• **TASK GOAL**:
Once the pictures are set aside, reproduce all of the records exactly.

• **RECORDED INFORMATION**:
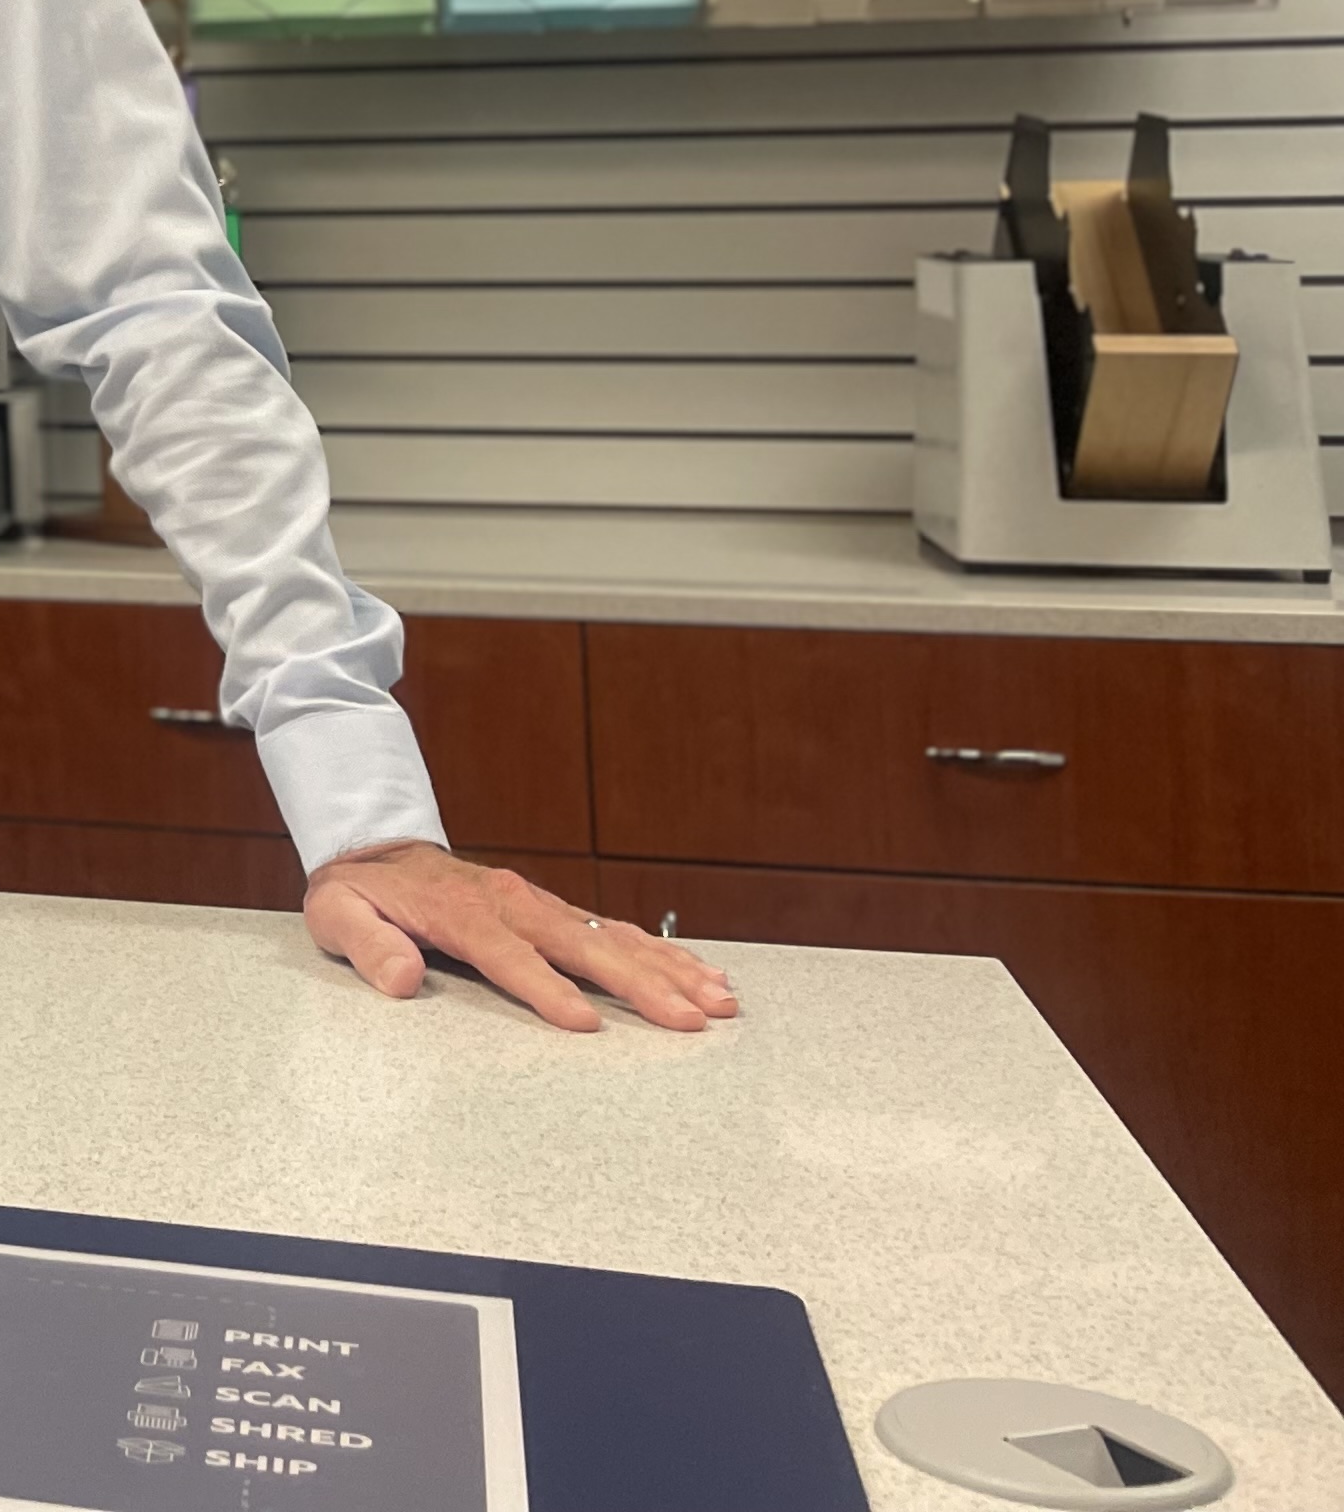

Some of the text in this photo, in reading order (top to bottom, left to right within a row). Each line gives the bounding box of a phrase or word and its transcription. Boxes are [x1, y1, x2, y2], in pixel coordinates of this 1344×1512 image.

[224, 1329, 359, 1356] PRINT
[221, 1357, 307, 1380] FAX
[215, 1386, 341, 1416] SCAN
[210, 1417, 373, 1449] SHRED
[204, 1449, 318, 1476] SHIP

• **YOUR RESPONSE**:
Some of the text in this photo, in reading order (top to bottom, left to right within a row). Each line gives the bounding box of a phrase or word and its transcription. Boxes are [x1, y1, x2, y2], in pixel coordinates of this 1344×1512 image.

[224, 1329, 359, 1356] PRINT
[221, 1357, 307, 1380] FAX
[215, 1386, 341, 1416] SCAN
[210, 1417, 373, 1449] SHRED
[204, 1449, 318, 1476] SHIP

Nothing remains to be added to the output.